Эта религиозность не имеет отношения к смыслу жизни, нравственности, образованности, порядочности, семье и браку, уму и глупости; эта религиозность не предполагает философии, не касается споров о теодицее и о векторе истории; она просто есть, и все, как есть у каждого мало-мальски слышащего восторг, ужас и благодарность перед лицом жизни. Чехов, умирая, зафиксировал это с той точностью и остротой, какая и Толстому была недоступна — потому что у Толстого, грех сказать, слишком многое заслонялось собственной личностью, ее страхами и тщеславием, тем, с чем он всю жизнь боролся и чего так и не одолел. Он и уйти хотел — от этого. А Чехову незачем было уходить.

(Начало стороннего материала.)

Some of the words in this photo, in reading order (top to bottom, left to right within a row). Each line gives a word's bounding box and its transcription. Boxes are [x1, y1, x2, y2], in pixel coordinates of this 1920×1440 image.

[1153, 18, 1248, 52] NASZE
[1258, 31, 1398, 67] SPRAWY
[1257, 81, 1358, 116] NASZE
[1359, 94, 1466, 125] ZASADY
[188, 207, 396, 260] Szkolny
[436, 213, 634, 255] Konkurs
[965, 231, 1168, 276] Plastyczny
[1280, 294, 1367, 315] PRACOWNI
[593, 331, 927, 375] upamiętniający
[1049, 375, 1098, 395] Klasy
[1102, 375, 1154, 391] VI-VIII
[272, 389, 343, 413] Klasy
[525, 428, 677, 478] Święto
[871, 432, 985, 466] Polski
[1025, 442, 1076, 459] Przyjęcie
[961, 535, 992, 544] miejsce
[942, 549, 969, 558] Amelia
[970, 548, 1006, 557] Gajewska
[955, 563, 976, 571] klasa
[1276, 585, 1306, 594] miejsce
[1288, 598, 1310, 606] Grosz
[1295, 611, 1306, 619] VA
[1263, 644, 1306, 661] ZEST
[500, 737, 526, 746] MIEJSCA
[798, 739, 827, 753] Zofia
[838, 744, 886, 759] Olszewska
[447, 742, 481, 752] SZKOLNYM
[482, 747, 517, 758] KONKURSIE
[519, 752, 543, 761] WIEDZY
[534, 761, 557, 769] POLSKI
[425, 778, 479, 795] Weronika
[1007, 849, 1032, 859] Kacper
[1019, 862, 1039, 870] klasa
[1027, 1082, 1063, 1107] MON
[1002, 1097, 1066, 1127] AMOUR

Если от русской литературы остался бы один рассказ — русская жизнь с ее пошлостью, подлостью, невысказанностью главного, с высшим музыкальным смыслом и темной, но умиленной и радостной верой ни в чем не выразилась бы полней, чем в «Архиерее», после которого Чехов почти ничего уже не написал. Разве что «Невесту», где умная героиня покинула родной город — «как полагала, навсегда».
Важно здесь это «как полагала», потому что жизнь посмеется над любыми предположениями, и на самом деле никуда не уедешь. Но нам вместе с Надей хочется думать, что — навсегда. И что переселилась она в те места, в те необъятные и бесконечные пространства, где, по Чехову, проистекает настоящая жизнь.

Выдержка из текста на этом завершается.